Deploying AI agents for repository-scale tasks like bug detection, patch verification, and code review requires overcoming significant technical hurdles. A major hurdle: the need to set up dynamic execution sandboxes for each repository, which are expensive and computationally heavy.
Using large language models (LLM) reasoning instead of executing code to bypass this overhead is growing in popularity, yet it often leads to unsupported inferences and hallucinations.
To improve execution-free reasoning, Meta researchers introduce "semi-formal logic," A structured incentive technique. This method requires the AI agent to fill out a logical certificate by explicitly stating premises, tracing concrete execution paths, and drawing formal conclusions before giving an answer.
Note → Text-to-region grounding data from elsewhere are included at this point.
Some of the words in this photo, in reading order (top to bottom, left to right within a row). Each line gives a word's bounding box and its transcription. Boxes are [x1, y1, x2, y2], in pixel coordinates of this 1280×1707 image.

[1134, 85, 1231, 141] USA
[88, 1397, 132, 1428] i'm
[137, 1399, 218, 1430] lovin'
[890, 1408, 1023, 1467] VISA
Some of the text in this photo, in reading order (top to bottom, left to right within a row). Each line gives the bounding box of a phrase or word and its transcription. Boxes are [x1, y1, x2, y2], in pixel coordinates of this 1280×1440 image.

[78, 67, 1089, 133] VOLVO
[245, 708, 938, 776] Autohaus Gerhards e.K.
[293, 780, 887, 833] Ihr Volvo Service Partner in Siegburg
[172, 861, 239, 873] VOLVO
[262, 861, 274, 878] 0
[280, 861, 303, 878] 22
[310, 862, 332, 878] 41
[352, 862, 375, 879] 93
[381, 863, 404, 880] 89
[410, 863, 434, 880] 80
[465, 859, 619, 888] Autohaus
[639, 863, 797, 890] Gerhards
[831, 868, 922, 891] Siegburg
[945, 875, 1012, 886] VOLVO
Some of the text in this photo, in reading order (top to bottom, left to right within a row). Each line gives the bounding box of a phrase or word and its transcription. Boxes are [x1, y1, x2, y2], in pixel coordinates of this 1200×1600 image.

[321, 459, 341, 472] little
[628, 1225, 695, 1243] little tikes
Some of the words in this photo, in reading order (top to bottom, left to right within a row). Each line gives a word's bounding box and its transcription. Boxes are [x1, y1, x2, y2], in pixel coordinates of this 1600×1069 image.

The structured format forces the agent to systematically gather evidence and follow function calls before drawing conclusions. This increases the accuracy of the LLM in coding tasks and significantly reduces errors in fault localization and codebase question-answering.
For developers using LLM in code review tasks, semi-formal reasoning enables highly reliable, execution-free semantic code analysis while significantly reducing the infrastructure cost of AI coding systems.
agent code logic
Agentic code reasoning is the ability of an AI agent to navigate files, detect dependencies, and gather context to perform deep semantic analysis on the codebase without running the code. In enterprise AI applications, this capability is essential for automated bug detection, comprehensive code review, and patch validation in complex repositories where relevant context spans multiple files.
The industry currently tackles execution-free code verification through two primary approaches. The first involves unstructured LLM evaluators that attempt to verify code, either directly or by training specialized LLMs as a reward model to approximate test results. The main drawback is their reliance on unstructured logic, which allows models to make credible claims about code behavior without explicit justification. Without structured constraints, it is difficult to ensure that agents reason thoroughly rather than making inferences based on superficial patterns such as function names.
The second approach involves formal verification, which translates code or logic into formal mathematical languages such as Lean, Coq, or Datalog to enable automated proof checking. Whereas rigorous, formal methods require defining the semantics of the programming language. This is completely impractical for arbitrary enterprise codebases that span multiple frameworks and languages.
Existing approaches are also highly fragmented and task-specific, often requiring completely different architectures or specialized training for each new problem domain. They lack the flexibility needed for broad, multi-purpose enterprise applications.
How does semi-formal logic work?
To bridge the gap between unstructured conjecture and highly rigorous mathematical proofs, meta researchers propose a structured inductive method, which they call “semi-formal logic”. This approach equips LLM agents with task-specific, structured logic templates.
These templates act as mandatory logical certificates. To complete a task, the agent must clearly state premises, trace execution paths for specific tests, and draw formal conclusions based only on verifiable evidence.
The template forces the agent to gather evidence from the codebase before making a decision. The agent must actually follow function calls and data flows step-by-step rather than predicting their behavior based on surface-level naming conventions. This systematic evidence gathering helps the agent handle complex cases such as confusing function names, and avoid making unsupported claims.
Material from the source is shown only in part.